Accountant: Unfortunately, I am generally good at this, so even though I find bill paying/bank account balancing and managing investments odious, in this household it falls on me. While I have not yet led us in to ruin, I certainly could do better. For instance, I could budget, but that feels like a diet and all diets ever do is make me eat. My biggest spending weaknesses are anything for the kids. Need a new bat, leotard, pair of sneakers, just ask mom. Fancy hair pins, baseball pants, cotillion clothes….I can’t say no. The other is travel. I might find lots of great deals to get us started, but once were through airport security, I throw all financial caution to the wind. You might here me say: “You only live once,” “We may never be here again,” or “We’ve come this far, I’m not going to skimp now.”
Tennis player: To be as good as I’d like to be, I should to take lessons every week. Not only do I not have time to do that, but I spent the money on a new baseball glove. A match can take three hours, after which I am exhausted and often down on myself (for losing) which makes me ever worse at all of the above jobs I need to do.

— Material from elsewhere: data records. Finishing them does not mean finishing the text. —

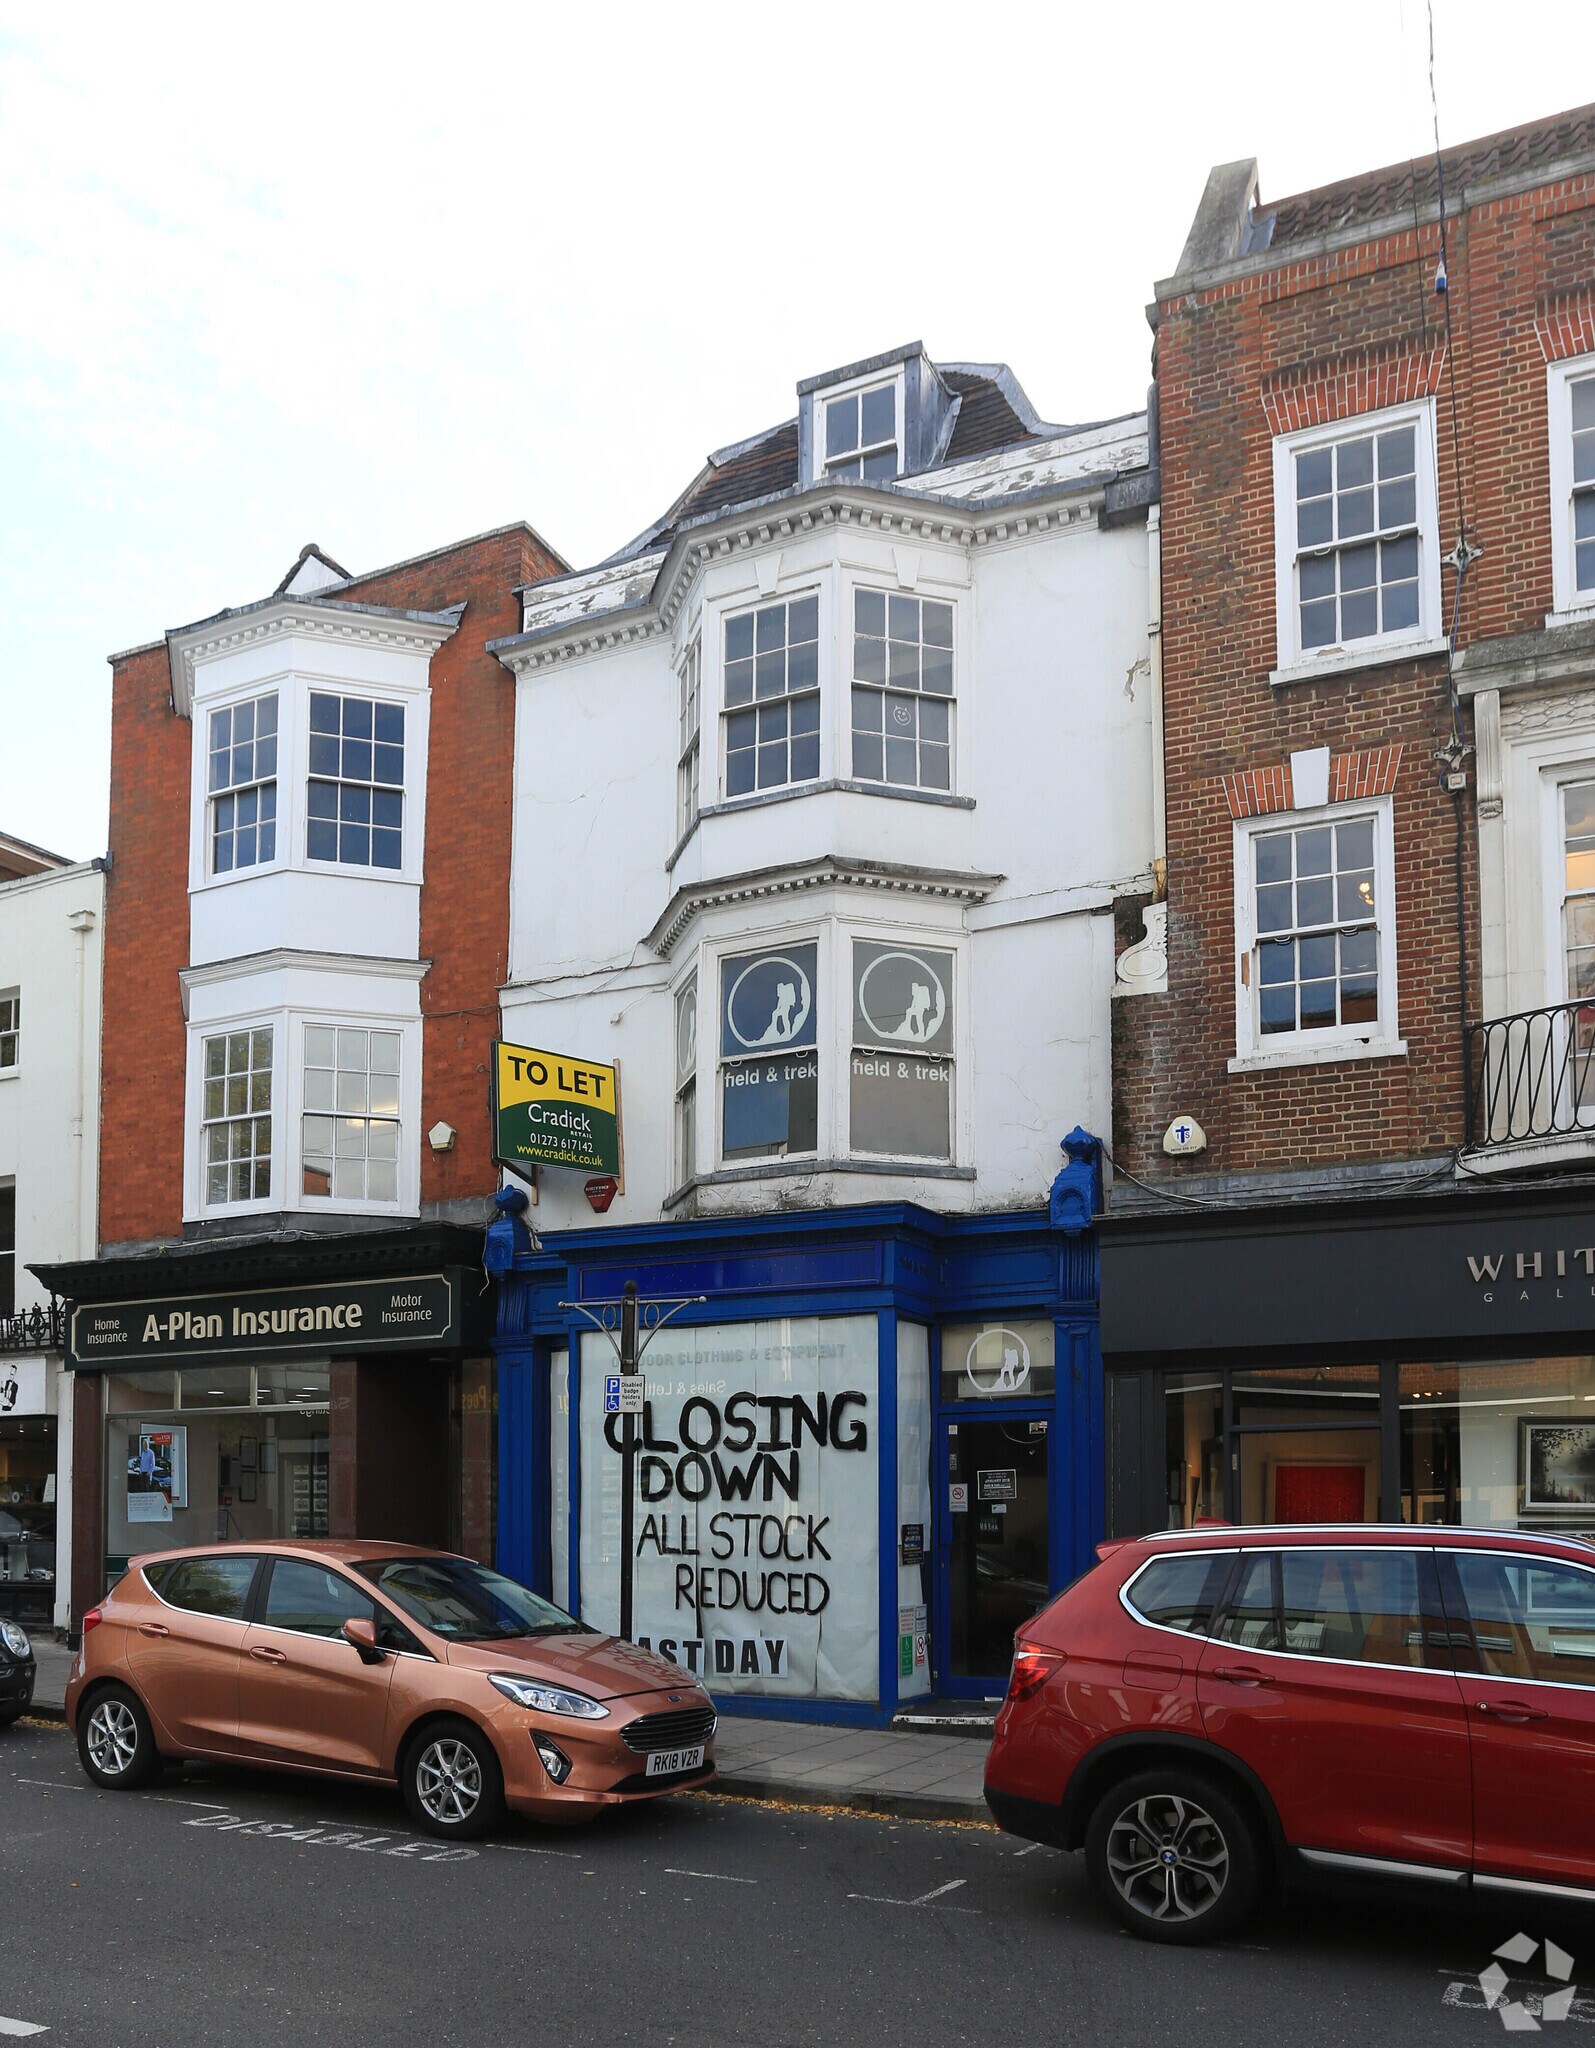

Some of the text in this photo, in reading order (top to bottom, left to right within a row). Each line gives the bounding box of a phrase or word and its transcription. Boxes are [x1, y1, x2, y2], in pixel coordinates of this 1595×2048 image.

[507, 1055, 607, 1098] TO LET
[724, 1062, 818, 1088] field & trek
[852, 1059, 950, 1082] field & trek
[528, 1103, 592, 1132] Cradick
[530, 1132, 594, 1153] 01273 617142
[570, 1130, 593, 1139] RETAIL
[516, 1145, 604, 1167] www.cradick.co.uk
[1466, 1247, 1595, 1282] WHIT
[391, 1294, 422, 1308] Motor
[94, 1318, 120, 1332] Home
[142, 1303, 363, 1343] A-Plan Insurance
[381, 1308, 432, 1324] Insurance
[87, 1331, 128, 1345] Insurance
[611, 1353, 674, 1368] ODOOR
[678, 1348, 744, 1366] CLOTHING
[749, 1348, 759, 1361] &
[609, 1379, 619, 1392] P
[603, 1391, 867, 1454] CLOSING
[640, 1450, 800, 1502] DOWN
[636, 1512, 832, 1561] ALL STOCK
[675, 1563, 830, 1616] REDUCED
[714, 1639, 785, 1675] DAY
[653, 1749, 699, 1772] RK18 VZR
[181, 1814, 480, 1862] DISABLED

Fashionista: I used to care a great deal about clothes, but now I am thrilled to wear that perfect pair of yoga pants. Every day. Why not? Unless I’m going somewhere special, I hardly see the point in being uncomfortable. Every once and awhile, I wear a little sun dress or some nice top, blow dry my hair, but then no one knows who I am.
Pet Owner: The picture says it all. Sorry PETA — I turned my back for one minute and Tess buttoned Flowers into Kit’s American Girl Doll dress.
Wife: To be honest, I could be a lot better at this, too. In the few moments I get with Joe on the phone, I should probably say things like: “Thank you for working so hard,” or “We miss you so much.” Even knowing he’s on a set filled with 20-year-old Bunnies, doesn’t stop me from complaining or boring him with a list of child-related dramas.
Writer: I’m so busy sucking at the rest of my obligations, I barely even have time for this blog.
Thankfully, I have tenure and I’m cheap. For all of my faults, my kids still tell they love me every night.
Sky the night I wrote this blog.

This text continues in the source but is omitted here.